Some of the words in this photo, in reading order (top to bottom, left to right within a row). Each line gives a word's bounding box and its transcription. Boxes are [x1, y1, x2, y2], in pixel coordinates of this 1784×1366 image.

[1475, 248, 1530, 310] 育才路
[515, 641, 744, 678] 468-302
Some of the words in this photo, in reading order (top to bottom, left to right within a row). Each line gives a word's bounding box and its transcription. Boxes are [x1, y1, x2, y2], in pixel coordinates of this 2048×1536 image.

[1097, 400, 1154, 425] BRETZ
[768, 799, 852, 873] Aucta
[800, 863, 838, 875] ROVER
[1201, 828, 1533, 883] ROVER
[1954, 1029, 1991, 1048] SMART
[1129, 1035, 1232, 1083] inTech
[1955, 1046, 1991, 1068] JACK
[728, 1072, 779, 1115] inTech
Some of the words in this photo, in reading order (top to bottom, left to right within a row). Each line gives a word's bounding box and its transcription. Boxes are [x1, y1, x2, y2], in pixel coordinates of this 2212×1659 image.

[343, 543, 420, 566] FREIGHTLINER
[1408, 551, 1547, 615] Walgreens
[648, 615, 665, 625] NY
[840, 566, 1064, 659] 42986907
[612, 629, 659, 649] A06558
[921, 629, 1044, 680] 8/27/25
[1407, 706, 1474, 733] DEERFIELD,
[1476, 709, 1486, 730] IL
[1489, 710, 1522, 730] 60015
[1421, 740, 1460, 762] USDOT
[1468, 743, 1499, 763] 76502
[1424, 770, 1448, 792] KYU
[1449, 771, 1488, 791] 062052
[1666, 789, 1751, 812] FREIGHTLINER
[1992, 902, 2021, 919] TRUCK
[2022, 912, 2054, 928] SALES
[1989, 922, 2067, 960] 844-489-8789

================

*ASSIGNED TASK:*
Your task is to reproduce the full listing exactly.

*RESPONSE TO THE TASK:*
Some of the words in this photo, in reading order (top to bottom, left to right within a row). Each line gives a word's bounding box and its transcription. Boxes are [x1, y1, x2, y2], in pixel coordinates of this 1784×1366 image.

[1475, 248, 1530, 310] 育才路
[515, 641, 744, 678] 468-302
Some of the words in this photo, in reading order (top to bottom, left to right within a row). Each line gives a word's bounding box and its transcription. Boxes are [x1, y1, x2, y2], in pixel coordinates of this 2048×1536 image.

[1097, 400, 1154, 425] BRETZ
[768, 799, 852, 873] Aucta
[800, 863, 838, 875] ROVER
[1201, 828, 1533, 883] ROVER
[1954, 1029, 1991, 1048] SMART
[1129, 1035, 1232, 1083] inTech
[1955, 1046, 1991, 1068] JACK
[728, 1072, 779, 1115] inTech
Some of the words in this photo, in reading order (top to bottom, left to right within a row). Each line gives a word's bounding box and its transcription. Boxes are [x1, y1, x2, y2], in pixel coordinates of this 2212×1659 image.

[343, 543, 420, 566] FREIGHTLINER
[1408, 551, 1547, 615] Walgreens
[648, 615, 665, 625] NY
[840, 566, 1064, 659] 42986907
[612, 629, 659, 649] A06558
[921, 629, 1044, 680] 8/27/25
[1407, 706, 1474, 733] DEERFIELD,
[1476, 709, 1486, 730] IL
[1489, 710, 1522, 730] 60015
[1421, 740, 1460, 762] USDOT
[1468, 743, 1499, 763] 76502
[1424, 770, 1448, 792] KYU
[1449, 771, 1488, 791] 062052
[1666, 789, 1751, 812] FREIGHTLINER
[1992, 902, 2021, 919] TRUCK
[2022, 912, 2054, 928] SALES
[1989, 922, 2067, 960] 844-489-8789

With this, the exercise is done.